According to the Associated Press . economists watch confidence closely because consumer spending accounts for about 70% of U.S. economic activity and is, therefore, considered critical to the economic rebound. Sounds reasonable enough, if you don’t stop to consider what exactly consumer confidence is measuring.
Sorensen explains that the survey’s administers are essentially trying to figure out “how the average American feels.” They do this by looking to two major confidence indexes, one that was recently released by the Conference Board and another that is conducted by the University of Michigan.
Many economists and investors have used the recently released index to revive the idea of a double-dip recession. Robert Shiller, professor of economics at Yale University, for example, told Reuters. For me, a double-dip is another recession before we’ve healed from this recession.
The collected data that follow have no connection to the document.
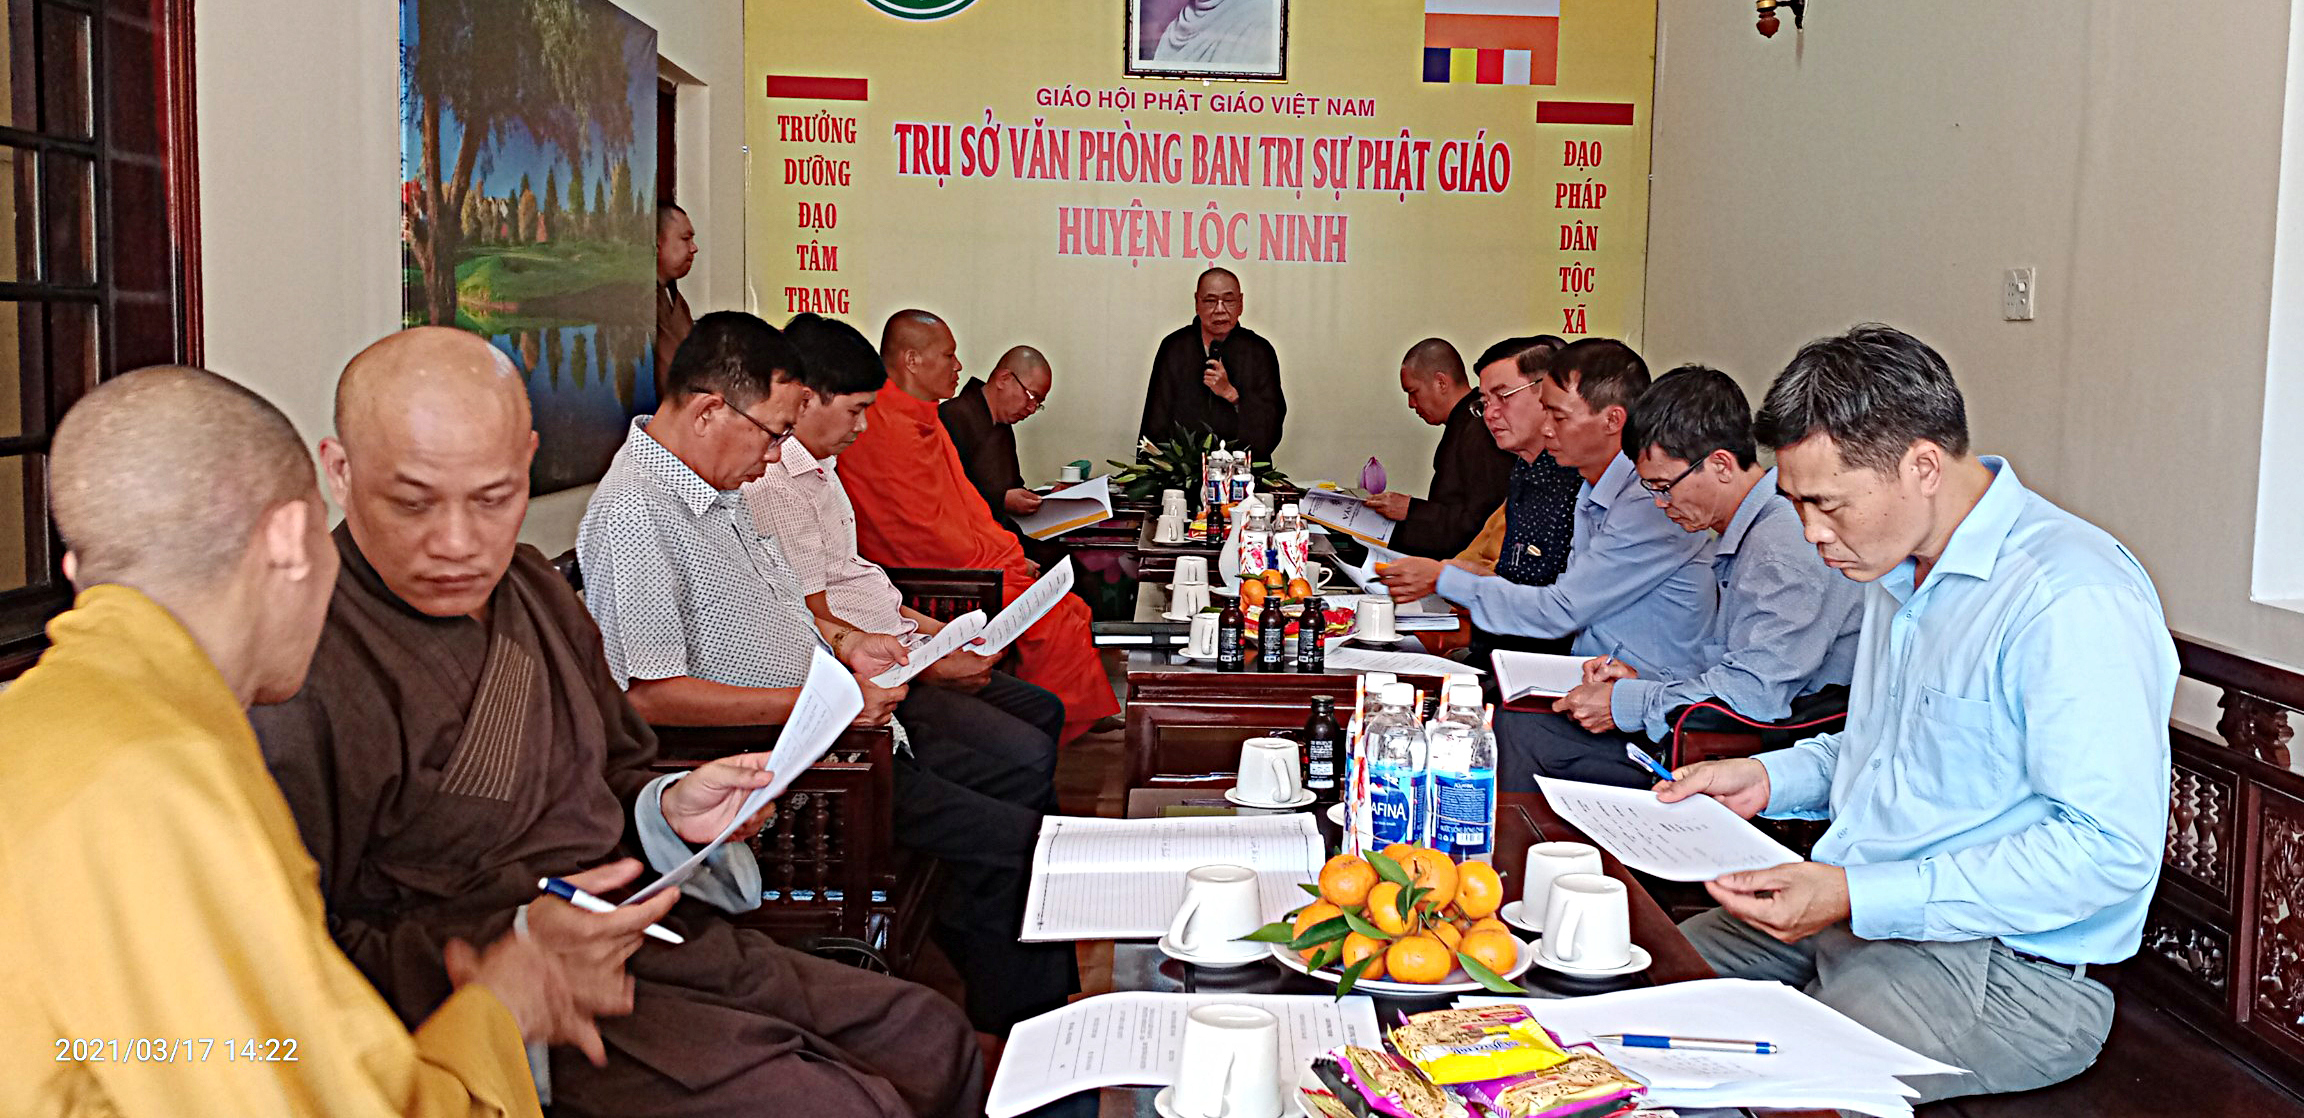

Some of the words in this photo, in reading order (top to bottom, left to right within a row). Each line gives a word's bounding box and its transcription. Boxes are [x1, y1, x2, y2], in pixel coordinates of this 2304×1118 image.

[1035, 85, 1092, 107] GIÁO
[1097, 88, 1137, 112] HỘI
[1143, 89, 1204, 114] PHẬT
[1209, 90, 1265, 114] GIÁO
[1271, 93, 1321, 118] VIỆT
[1327, 97, 1375, 117] NAM
[777, 110, 858, 143] TRƯỞNG
[783, 153, 852, 186] DƯỠNG
[894, 123, 951, 187] TRỤ
[960, 109, 1001, 177] SỞ
[1008, 117, 1070, 180] VĂN
[1079, 119, 1183, 184] PHÒNG
[1192, 133, 1251, 187] BAN
[1259, 135, 1305, 199] TRỊ
[1312, 135, 1353, 201] SỰ
[1357, 127, 1431, 203] PHẬT
[1438, 129, 1511, 193] GIÁO
[1562, 139, 1603, 170] ĐẠO
[1554, 178, 1608, 211] PHÁP
[797, 201, 838, 234] ĐẠO
[1059, 197, 1171, 267] HUYỆN
[1183, 201, 1249, 270] LỘC
[1259, 213, 1348, 263] NINH
[1559, 219, 1599, 252] DÂN
[795, 239, 838, 271] TÂM
[1558, 263, 1596, 297] TỘC
[784, 285, 850, 315] TRANG
[1562, 303, 1588, 334] XÃ
[1371, 802, 1407, 821] AFINA
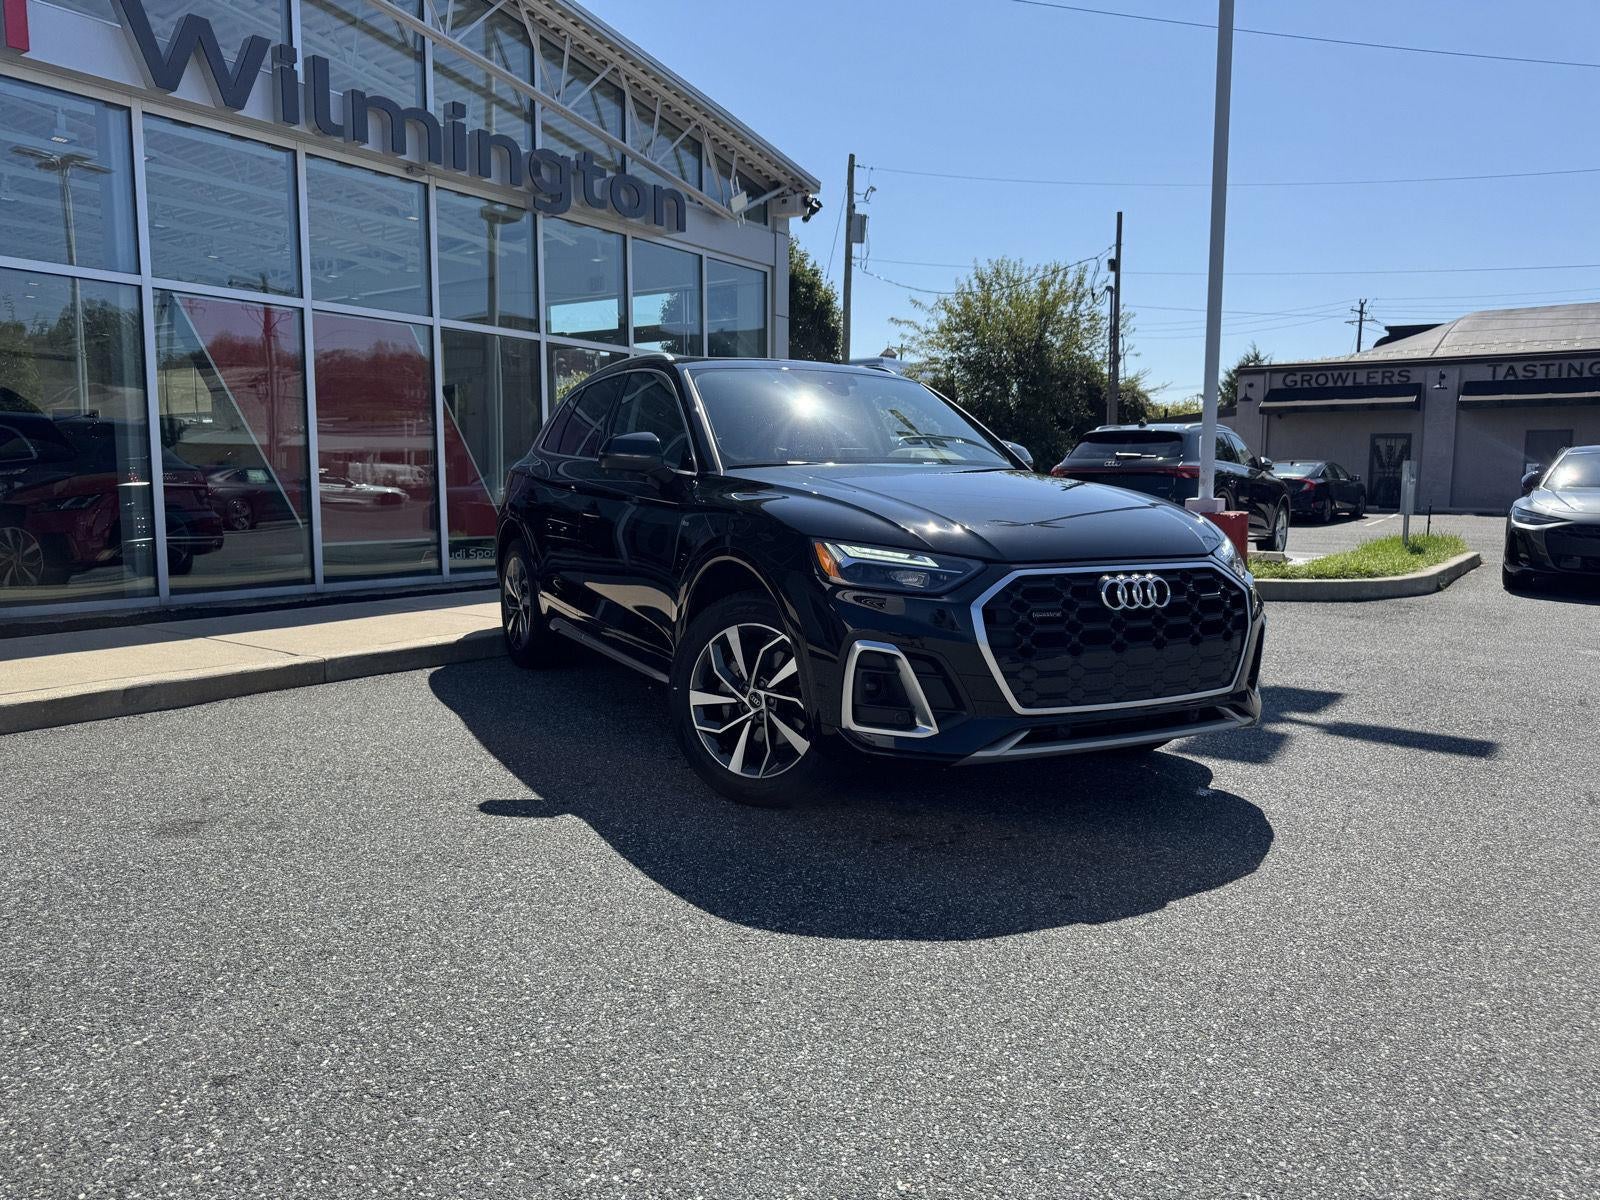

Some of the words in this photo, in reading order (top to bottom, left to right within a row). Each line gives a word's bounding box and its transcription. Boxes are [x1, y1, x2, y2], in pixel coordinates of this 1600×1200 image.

[113, 0, 687, 233] Wilmington
[1282, 369, 1412, 388] GROWLERS
[1486, 360, 1600, 381] TASTING
[449, 549, 466, 560] udi
[468, 548, 496, 560] Spor
The probability of that kind of double-dip is more than 50%.
But the end may not be so nigh, according to others.

Jeffrey Saltzman, an industrial psychologist who has conducted his own employee confidence surveys, says that this type of interpretation involves “reading way too much into it, in some respects.” He agrees with Sorensen that monitoring mood isn’t the same as monitoring hard figures. Saltzman believes that the market tends to react to the index because “people on Wall St. take it at face value.”
For example, a trader who won’t have access to raw data from a quarterly earnings report may use a recently released confidence index to forecast where the stock market is headed tomorrow. The market, in turn, reacts to his forecast based on the index and not the actual spending habits of consumers, which can turn out to be drastically different. This is why, as Sorensen notes, the confidence index has a short-term, but not long-term impact on the rise and fall of stocks
Additionally, Saltzman says that it’s not exactly what these indexes are quantifying, if anything, that gives them credence. Instead, it all comes down to how often they measure the intangible. The Conference Board and the University of Michigan release their consumer confidence surveys each month … and they’ve both been around for decades.
The Index of Consumer Sentiment was actually started first in 1946. The Conference Board’s Consumer Confidence Index, which has grown in notoriety since it surveys more individuals, was started in 1967. Both surveys have changed very little since their inception. Their track record, therefore, has been established by how the scores change month to month, against itself, not the actual status of the economy.
Despite this, Saltzman say there is some merit to the data.
“I could ask you a lousy question,” he points out. “But if I asked you that same question in the same way every single month, I would still have still useful information.”